▶ _WHAT YOU WILL DO_: Set down the records exactly, and omit any image found in them.

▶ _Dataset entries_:
↓↓↓

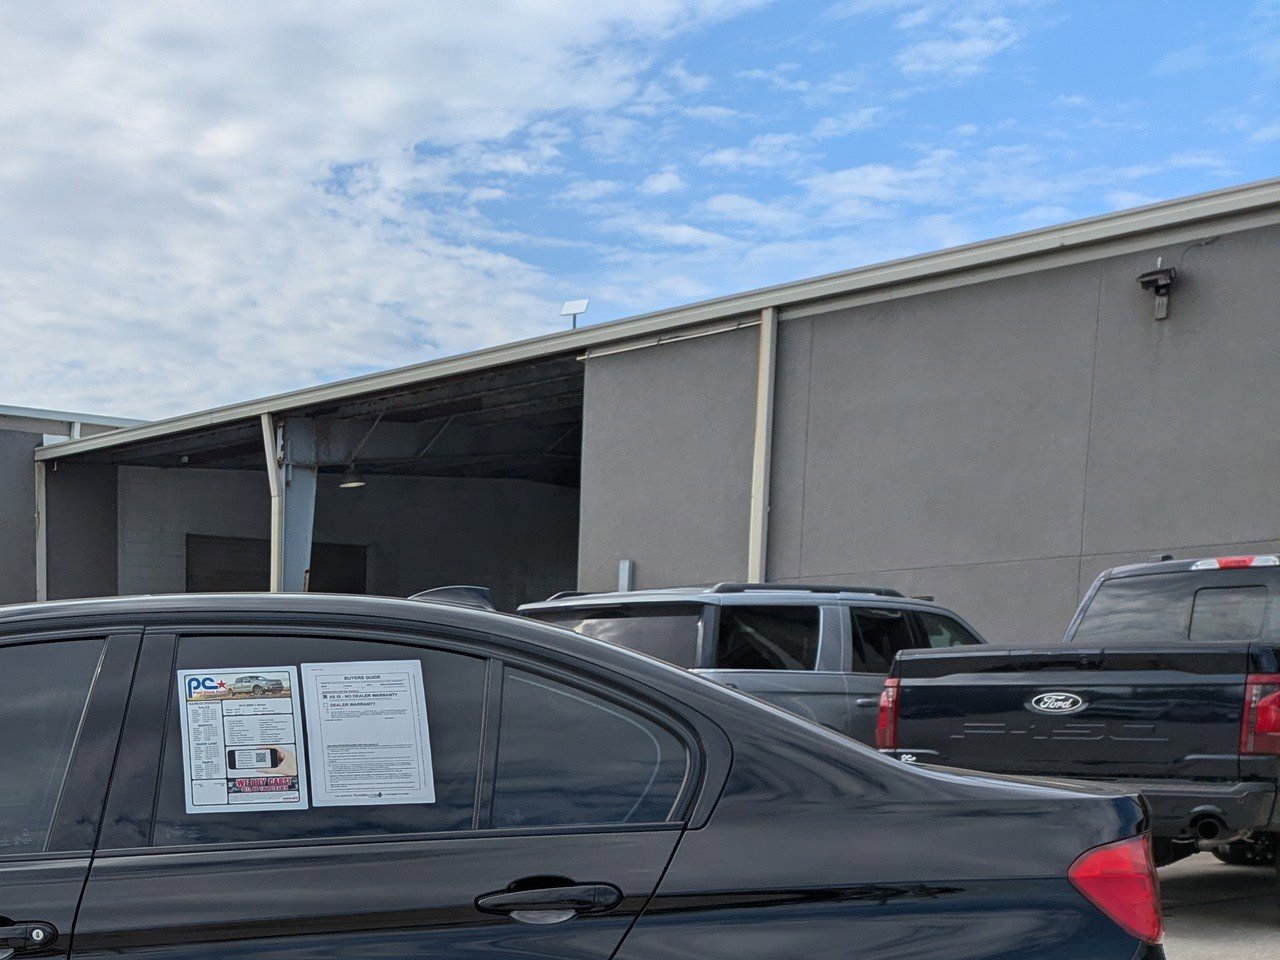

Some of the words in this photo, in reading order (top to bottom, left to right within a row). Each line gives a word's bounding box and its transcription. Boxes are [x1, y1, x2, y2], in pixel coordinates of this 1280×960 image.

[1039, 695, 1072, 709] Ford
[236, 778, 250, 787] WE
[250, 778, 267, 787] BUY
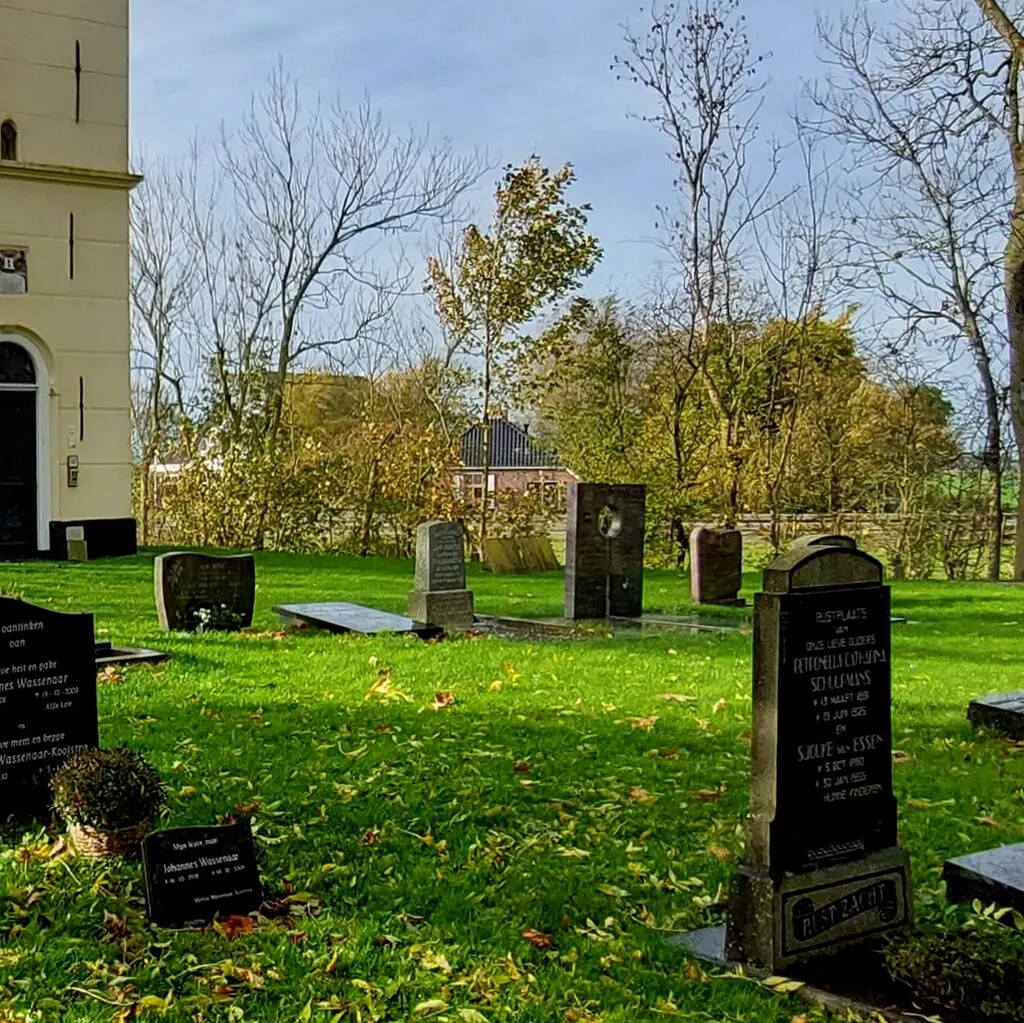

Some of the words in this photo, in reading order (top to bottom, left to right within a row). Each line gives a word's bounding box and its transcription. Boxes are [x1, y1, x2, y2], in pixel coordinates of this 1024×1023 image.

[2, 620, 44, 633] oantinken
[9, 639, 25, 648] oan
[17, 675, 68, 688] Wassenaar
[803, 905, 836, 937] RUST
[840, 884, 886, 918] ZACHT
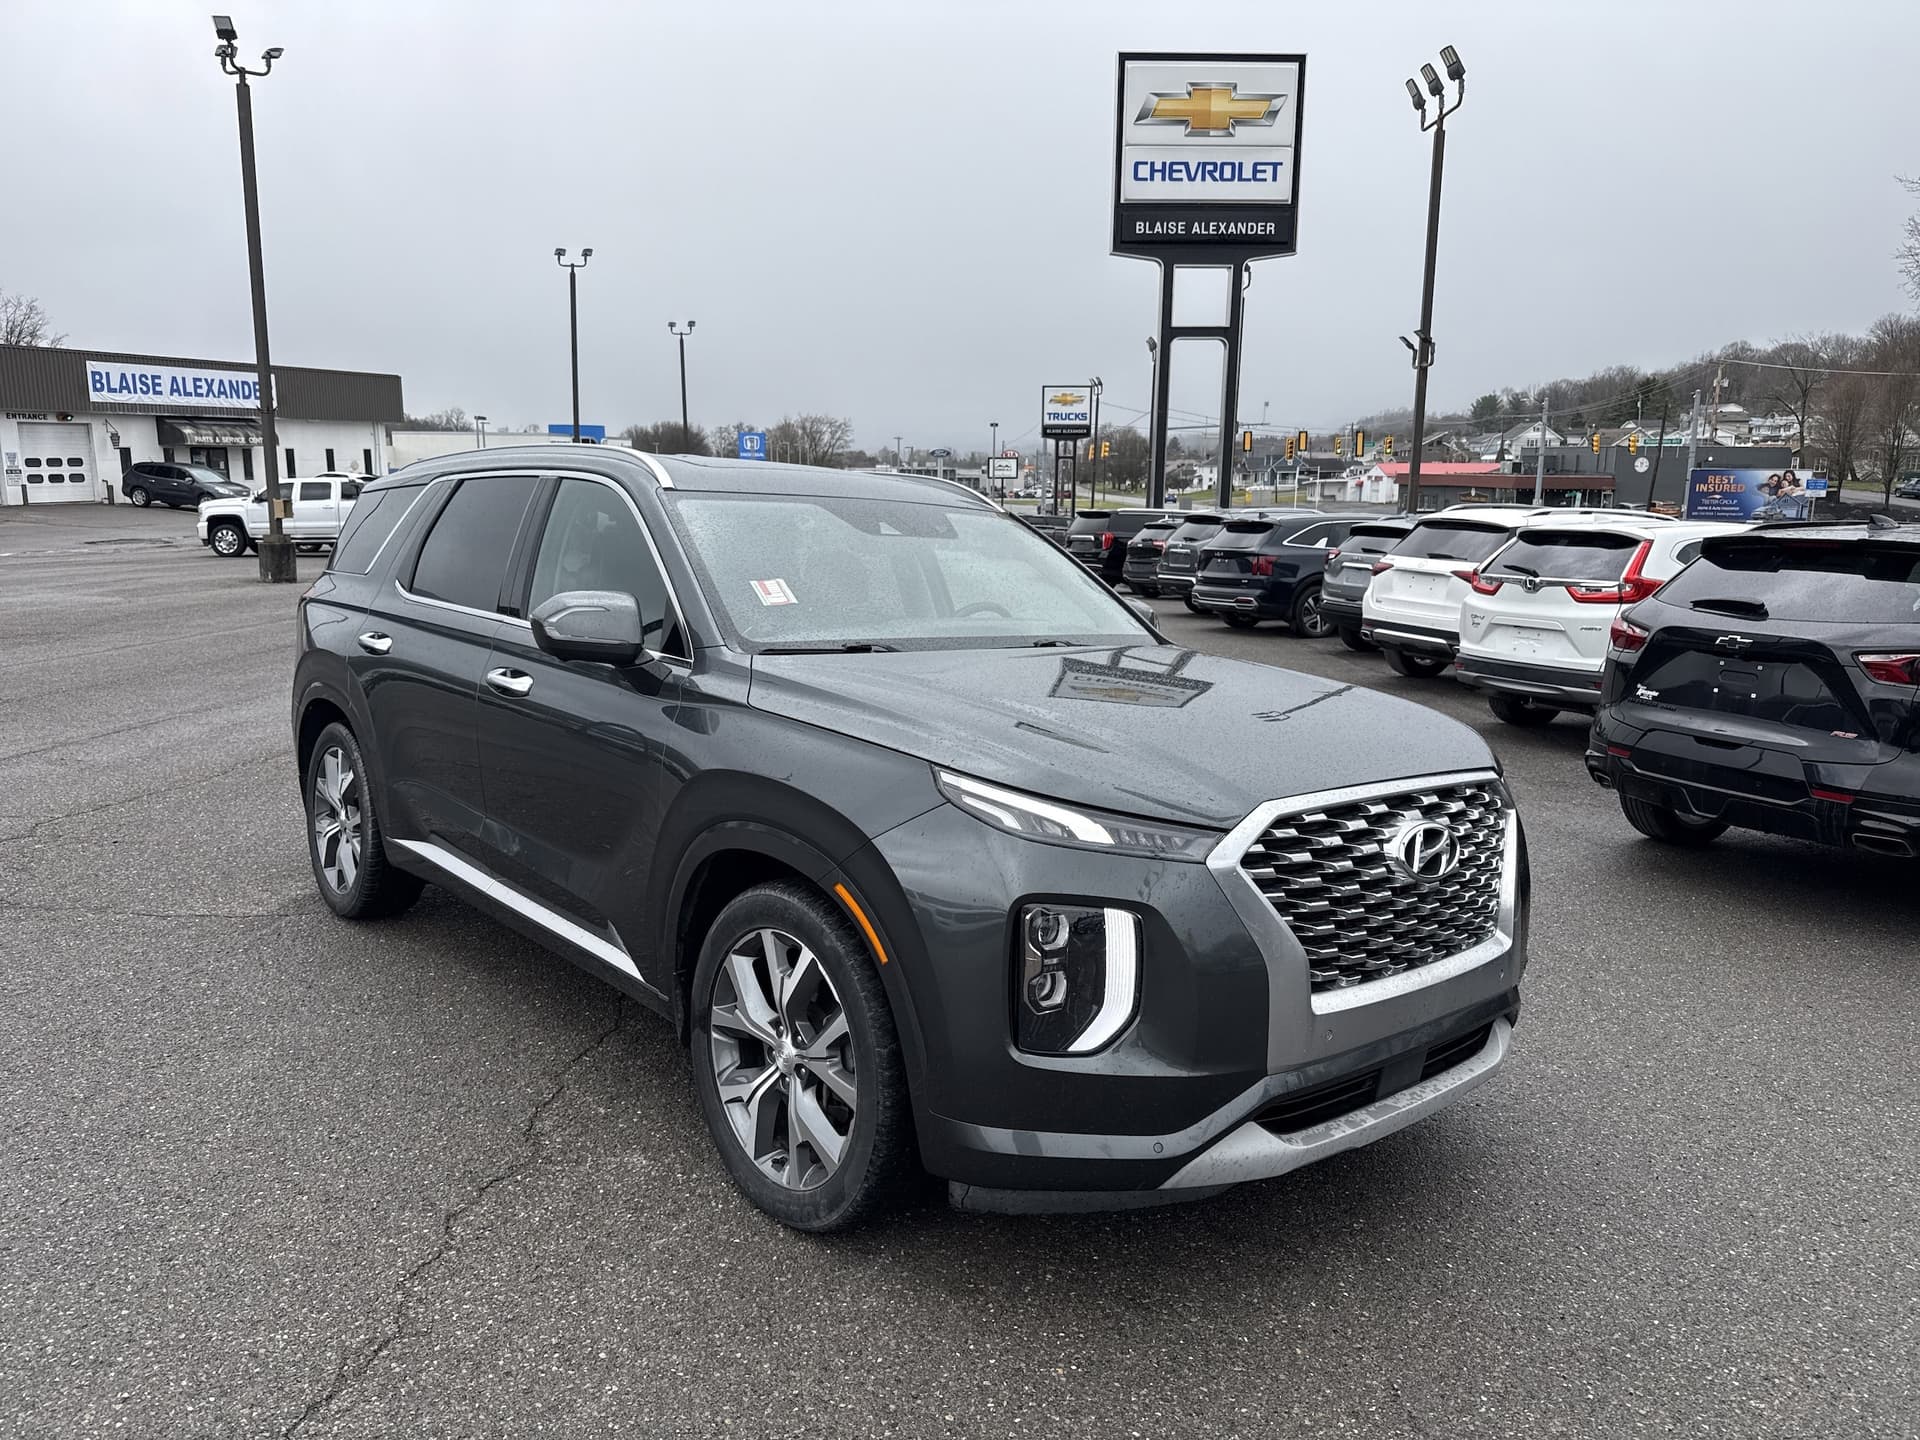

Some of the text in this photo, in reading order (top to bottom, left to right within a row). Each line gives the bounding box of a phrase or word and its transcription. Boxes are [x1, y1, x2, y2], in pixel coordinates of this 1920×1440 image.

[1133, 161, 1283, 182] CHEVROLET
[1135, 221, 1275, 235] BLAISE ALEXANDER
[91, 370, 260, 400] BLAISE ALEXANDE
[6, 412, 48, 421] ENTRANCE
[1047, 412, 1088, 421] TRUCKS
[1708, 475, 1736, 484] REST
[1695, 483, 1745, 493] INSURED
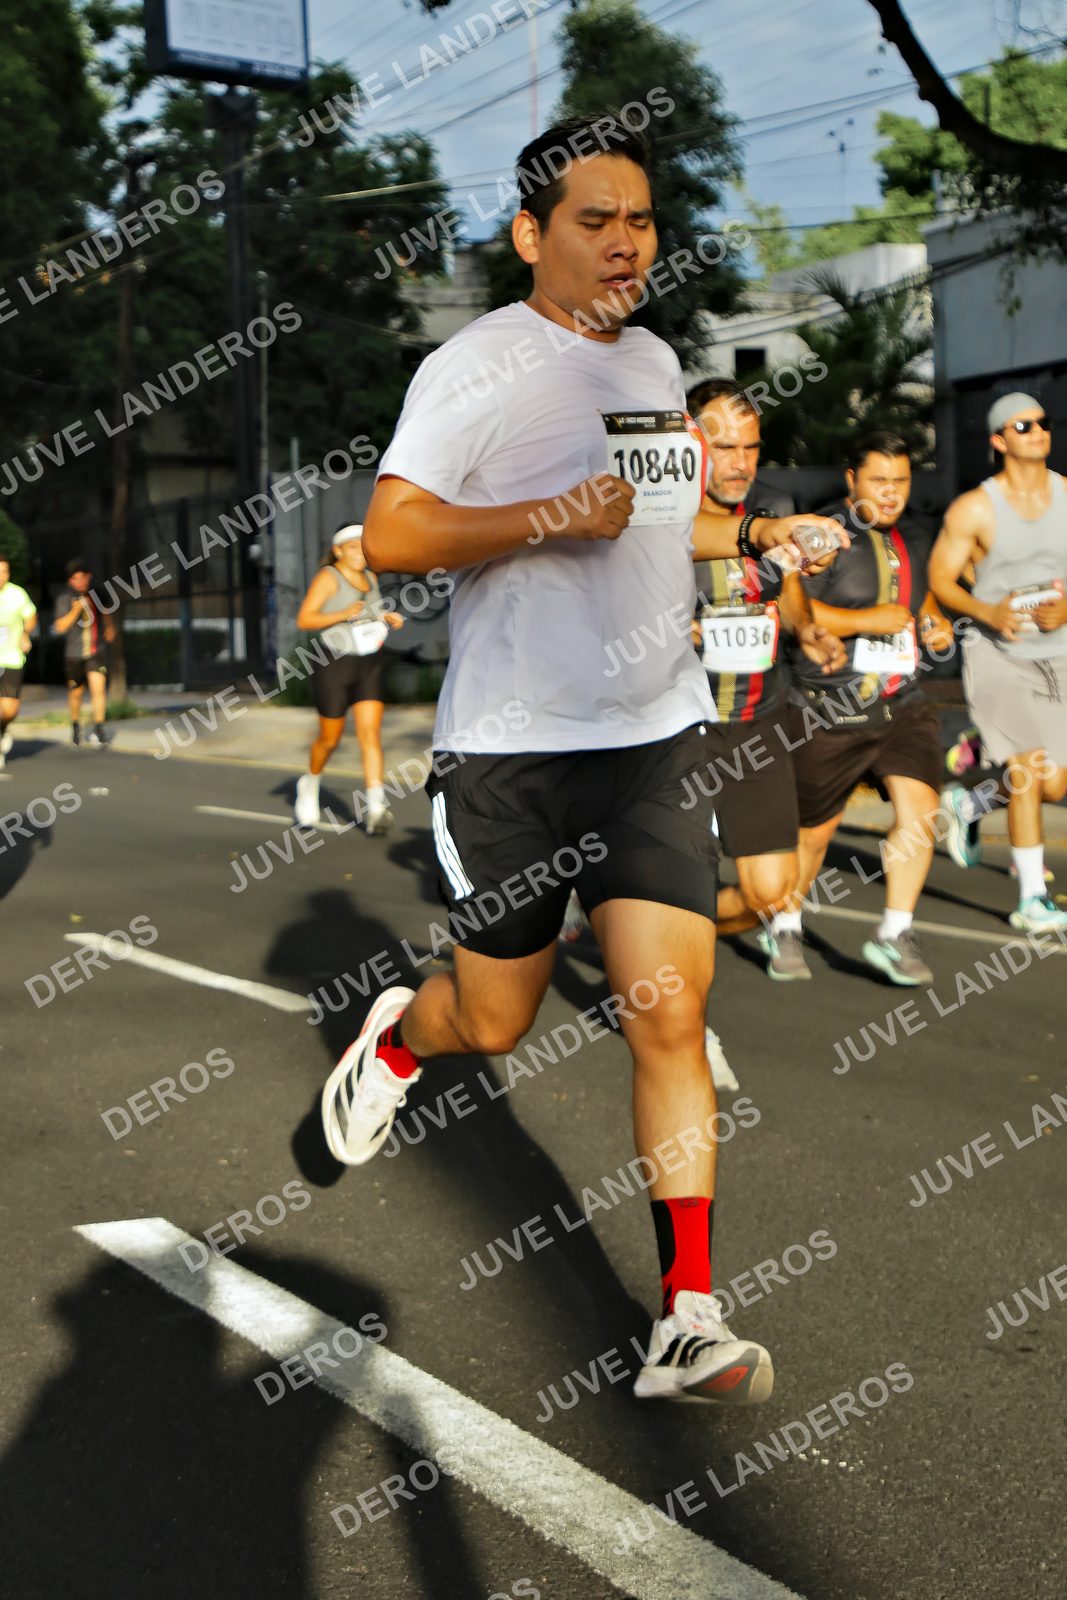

↑↑↑

▶ _PROBLEM SOLUTION_:
Some of the words in this photo, in reading order (top to bottom, left to right within a row). Each line gives a word's bounding box and its transcription. Boxes are [x1, y1, x2, y2], in pixel coordinates of this 1280×960 image.

[1039, 695, 1072, 709] Ford
[236, 778, 250, 787] WE
[250, 778, 267, 787] BUY

Some of the words in this photo, in reading order (top to bottom, left to right within a row). Each line gives a word's bounding box and its transcription. Boxes are [x1, y1, x2, y2], in pixel coordinates of this 1024×1023 image.

[2, 620, 44, 633] oantinken
[9, 639, 25, 648] oan
[17, 675, 68, 688] Wassenaar
[803, 905, 836, 937] RUST
[840, 884, 886, 918] ZACHT

Some of the text in this photo, in reading order (top to bottom, left to right within a row). Each line gives the bounding box of a phrase or word and its transcription. Boxes are [x1, y1, x2, y2], in pixel coordinates of this 1920×1440 image.

[1133, 161, 1283, 182] CHEVROLET
[1135, 221, 1275, 235] BLAISE ALEXANDER
[91, 370, 260, 400] BLAISE ALEXANDE
[6, 412, 48, 421] ENTRANCE
[1047, 412, 1088, 421] TRUCKS
[1708, 475, 1736, 484] REST
[1695, 483, 1745, 493] INSURED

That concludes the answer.